Clearance of Nonfunctional Ribosomes
The ribosome is the most abundant macromolecular machine in the cell. Its highly complex structure, composed of both ribosomal RNAs (rRNAs) and proteins, necessitates an intricate assembly mechanism in which pre-rRNA processing and nucleotide modification are coupled with chaperone-assisted rRNA folding and protein association.
Although the mechanics of this assembly process are becoming increasingly understood, surprisingly little is known about the mechanisms assuring its overall fidelity. Furthermore, given their inordinately long half-lives in eukaryotic cells, it is to be expected that some ribosomes will become nonfunctional over time as they accumulate oxidative damage due to normal cellular metabolism. We therefore wondered whether eukaryotes might possess any mechanisms for eliminating ribosomes that are fully assembled but functionally defective, akin to their abilities to eliminate mRNAs that are fully processed but defective. To test this, we introduced point mutations into the peptidyltransferase center of 25S rRNA and the decoding center of 18S rRNA in S. cerevisiae. These mutant rRNAs are assembled into ribosomes, but they display markedly decreased steady-state levels compared to wild-type rRNAs.
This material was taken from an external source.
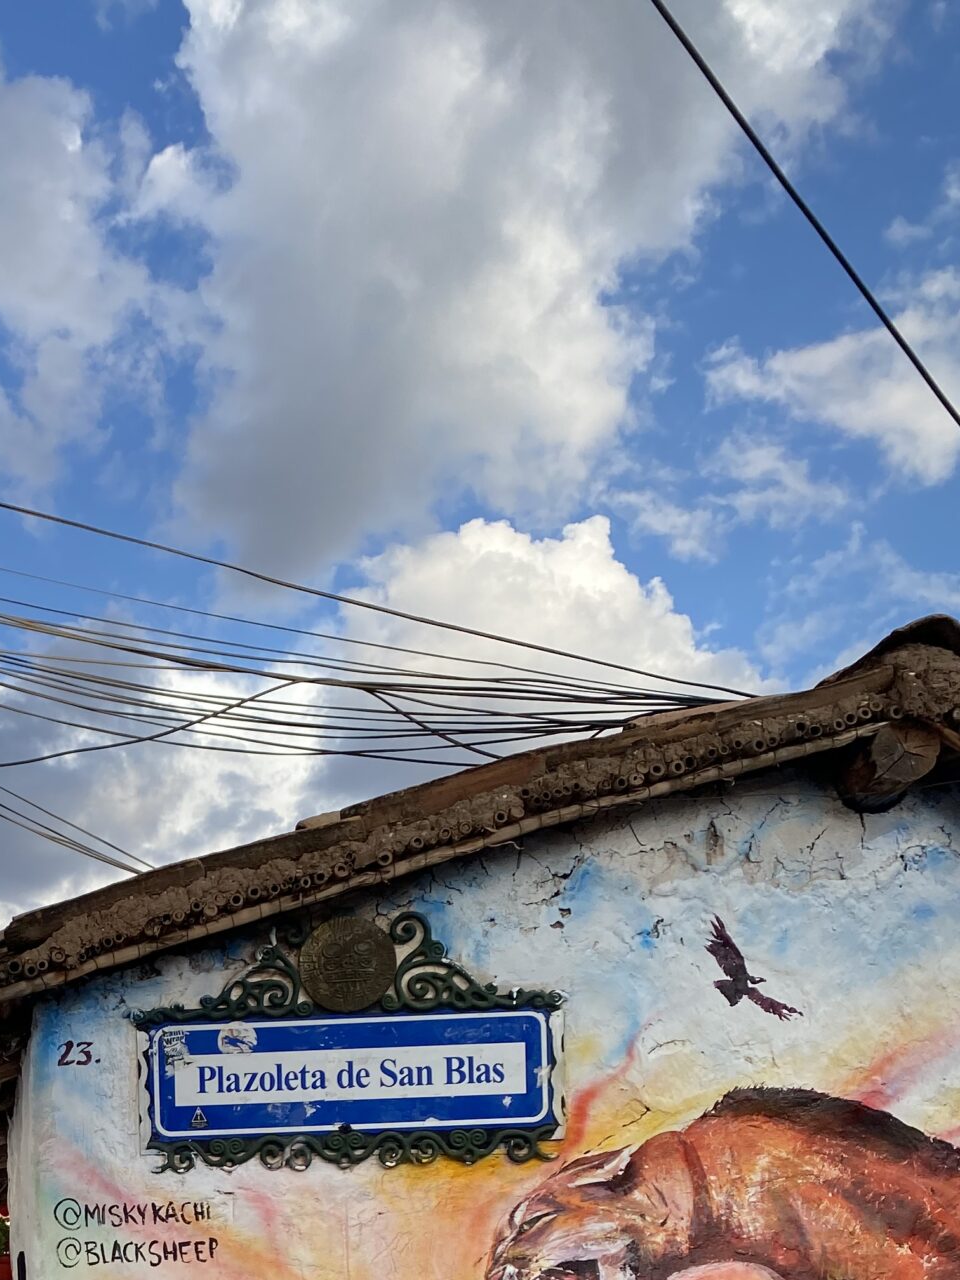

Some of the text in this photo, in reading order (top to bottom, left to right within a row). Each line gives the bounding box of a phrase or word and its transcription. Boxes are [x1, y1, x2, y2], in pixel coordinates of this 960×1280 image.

Preliminary analyses of knockout strains have revealed several candidate genes important for decreased expression of the translationally defective mutant rRNAs. Our results therefore indicate that budding yeast do contain a quality control system capable of recognizing and eliminating translationally deficient ribosomes so as to prevent their interference with normal cellular function. We continue to study the trans-acting factors and molecular mechanisms involved in this process.